3.3 Spatial evolution of cumulative seismic moment
For the spatial distribution of the seismic moment, the area around the injection well was separated into horizontal bins of 50×50 m. The cumulative seismic moment of all events within each bin was then investigated by disregarding the depth. During stimulation, the largest moment release and level of seismic activity occurred at the center of the main event cluster at the bottom of the injection well close to the open-hole section (Fig. 6a–b). Furthermore, larger events in the main cluster tend to locate at the greatest depths. Interestingly, a NNW–SSE alignment of enhanced cumulative seismic moment release is visible in the main hypocenter cluster, in agreement with the preferred NW–SE-trending direction of the two upper hypocenter clusters. The hypocenters of larger events show a similar alignment (Figs. 6a, S3). A smaller area at the NNW outer flank of the bottom hypocenter cluster displays anomalously high CM0 release caused by large events occurring during the last injection phases and after injection (red rectangle in Fig. 6a–b). Interestingly, epicenters of two tectonic seismic events with Mw 1.4 and Mw 1.7 were reported to occur in 2013 a few kilometers NW of the bottom-hole section of well OTN-3 (Kwiatek et al., 2019).
3.4 Complexity of source mechanisms
We determined 191 single-event focal mechanisms (Fig. 7). Using the dendrogram tree based on hierarchical clustering (Fig. S4), events were separated into three distinct families (I–III) with similar focal mechanism orientations containing 99, 60, and 27 events, respectively (different coloring of beach balls in Fig. 7). Five events were not grouped into any of the three families and thus were not considered any further. Events belonging to the three families are not separated spatially. Oblique reverse faulting is the dominant source mechanism type, which is in contrast to the regional strike-slip regime (Kwiatek et al., 2019).
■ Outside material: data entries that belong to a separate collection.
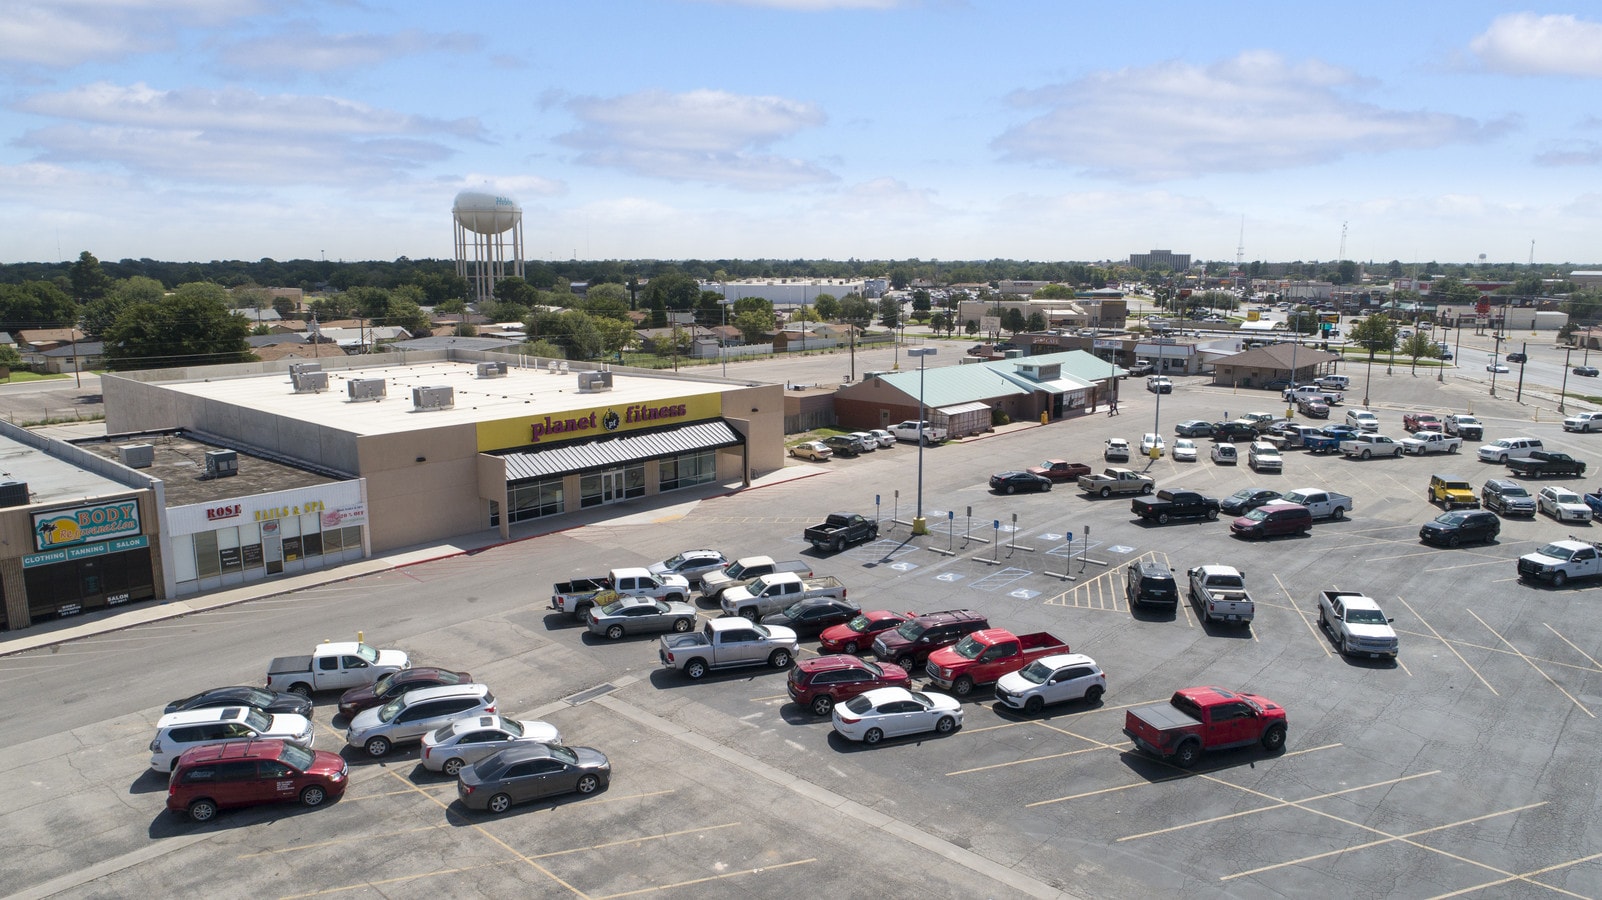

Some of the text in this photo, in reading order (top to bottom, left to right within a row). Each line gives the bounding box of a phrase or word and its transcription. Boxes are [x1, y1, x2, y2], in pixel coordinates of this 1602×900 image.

[531, 403, 687, 442] planet fitness
[608, 419, 617, 429] pf
[78, 506, 133, 527] BODY
[206, 504, 242, 519] ROSE
[254, 507, 289, 521] NAILS
[293, 505, 300, 515] &
[304, 500, 326, 513] SPA
[60, 518, 135, 540] Rejuvenation
[116, 539, 140, 549] SALON
[71, 545, 104, 556] TANNING
[24, 552, 65, 564] CLOTHING
[107, 593, 129, 602] SALON
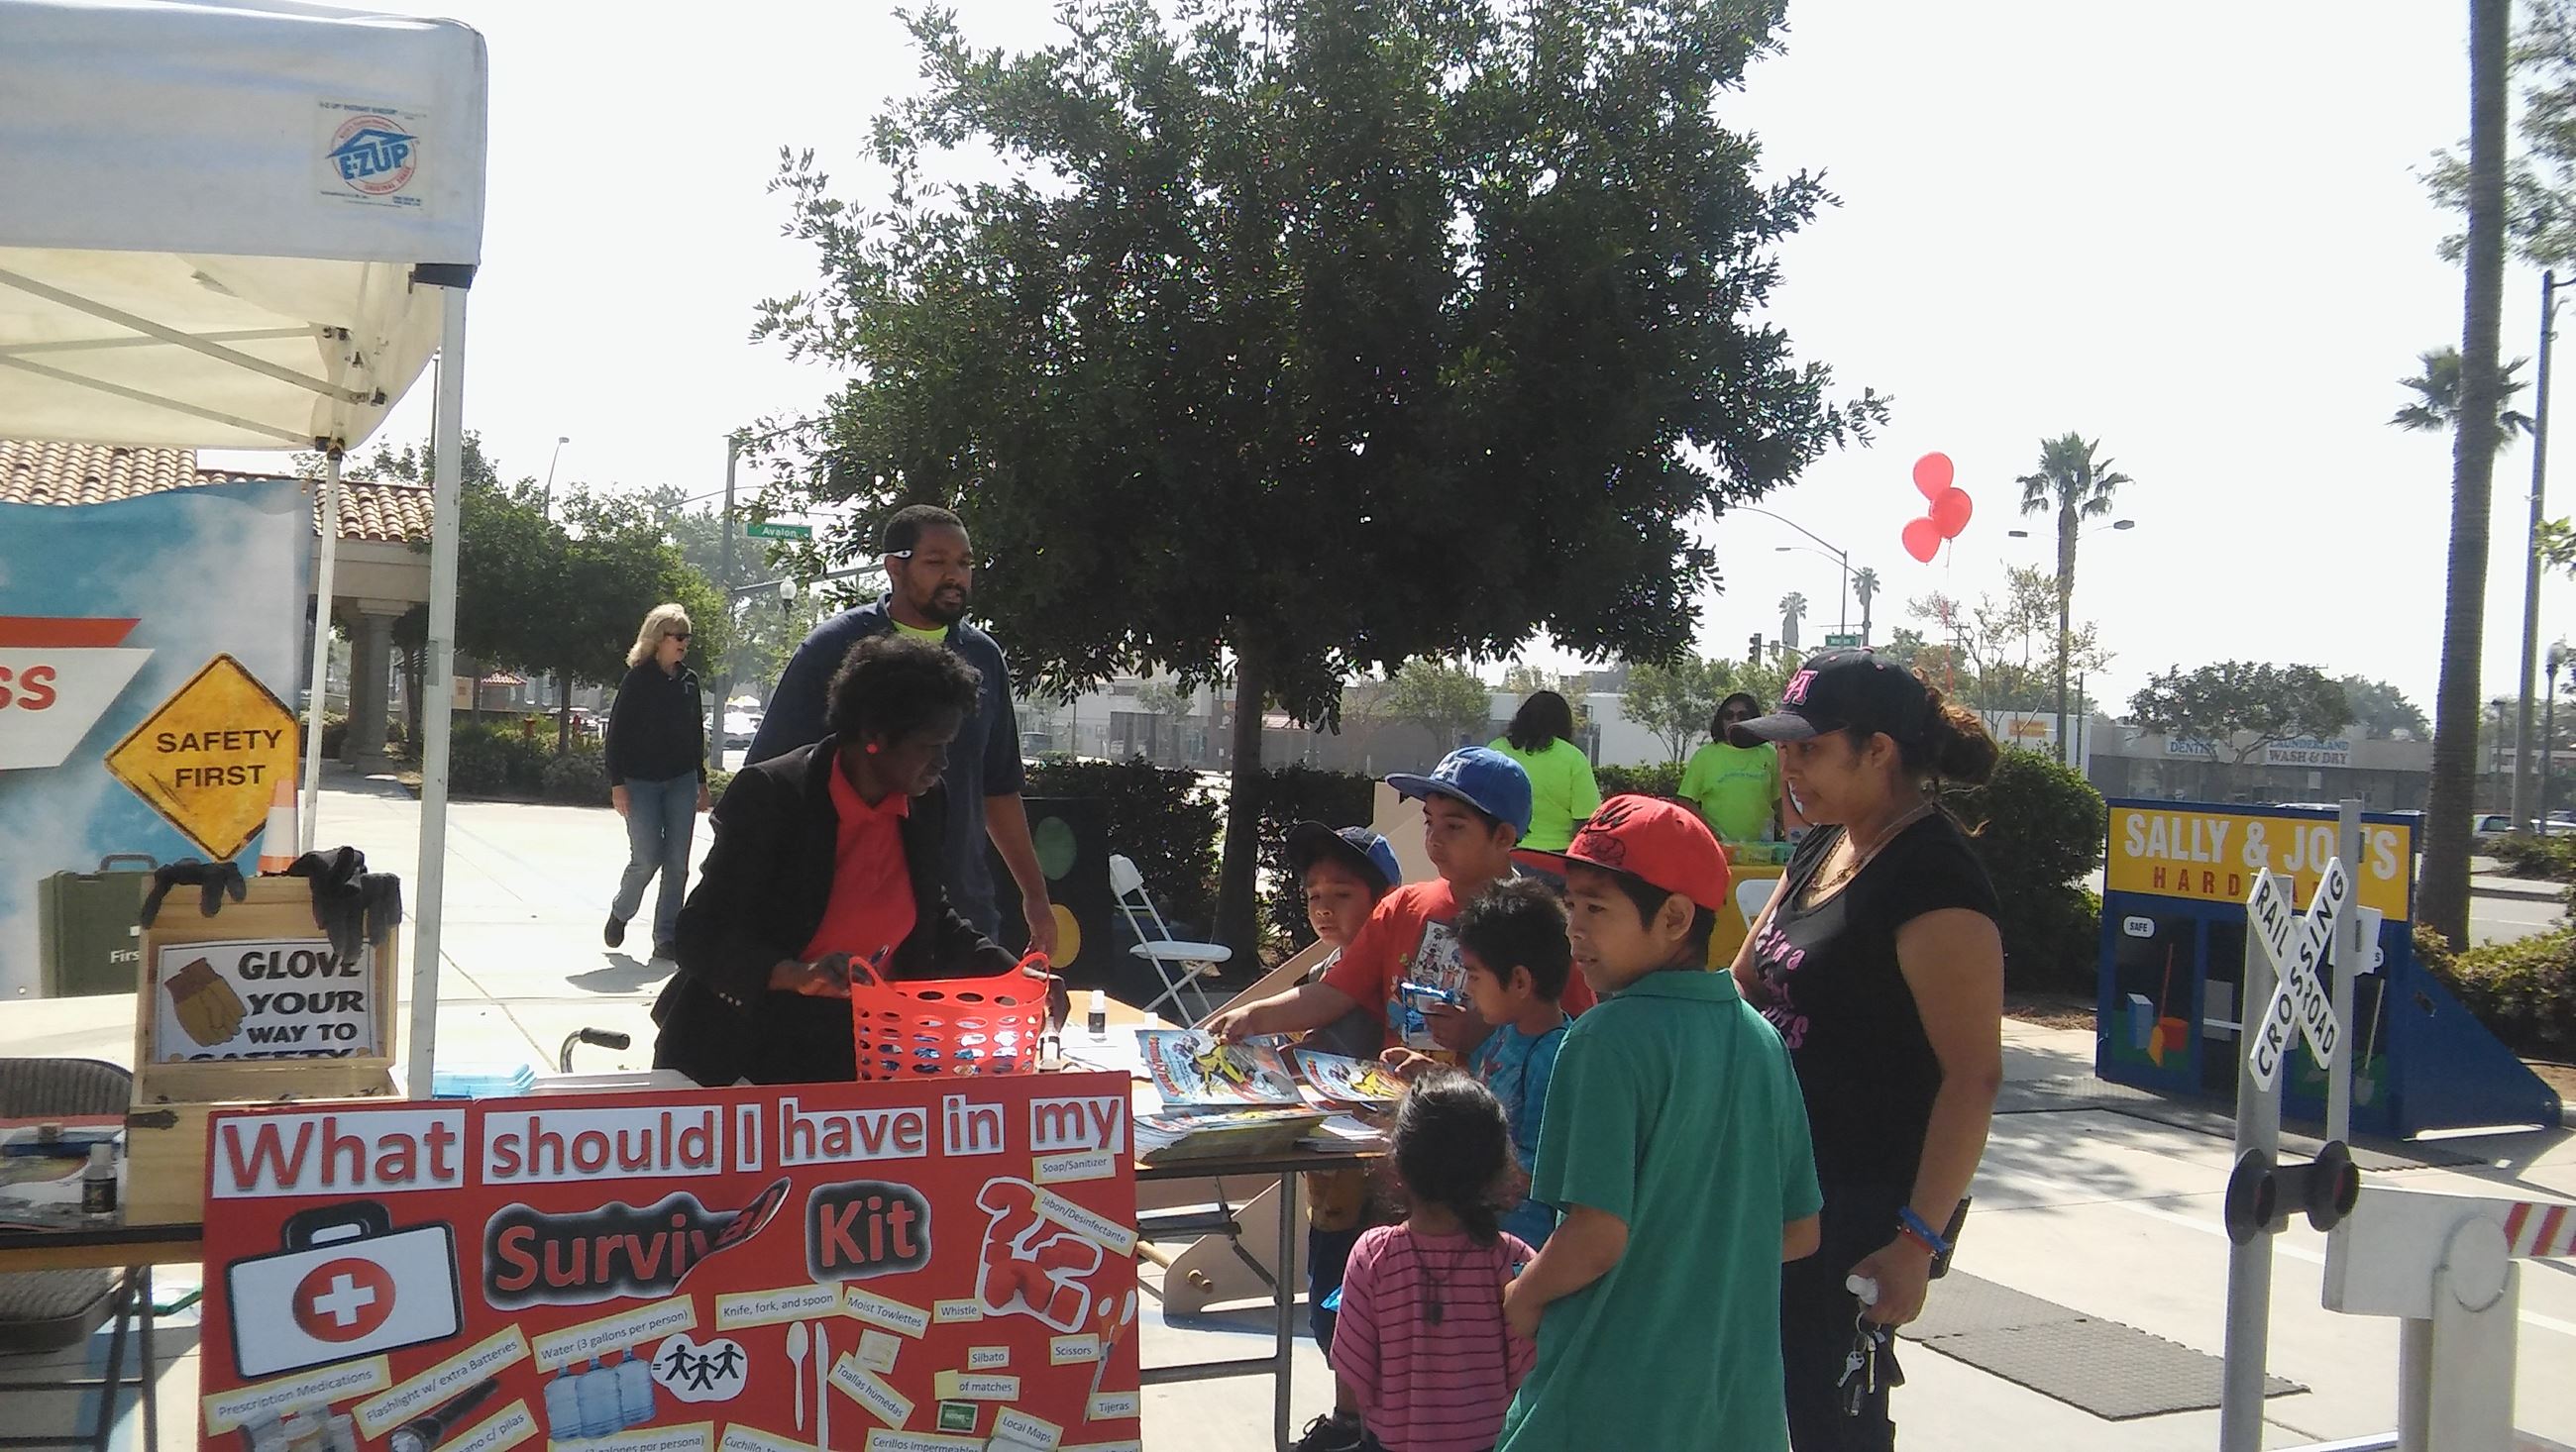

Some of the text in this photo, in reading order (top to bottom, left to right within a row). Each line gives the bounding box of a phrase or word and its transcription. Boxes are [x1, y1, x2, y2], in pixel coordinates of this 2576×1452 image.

The two largest events with reverse faulting were classified into family III. Fault plane solutions from all families indicate a range of preferred SSE–NNW to SW–NE strike directions, sharing comparable dips ranging approximately 35–50∘ (Fig. 7a and e). The source mechanisms of only a few events indicate strike-slip faulting, with two of them occurring after shut-in. A total of 12 estimated focal mechanisms are post-stimulation events (Fig. 7b, d, and f). The post-stimulation events contained in the main hypocenter cluster at the bottom of the well have similar focal mechanisms as events during the stimulation. In the central hypocenter cluster, two strike-slip events occurred nearby.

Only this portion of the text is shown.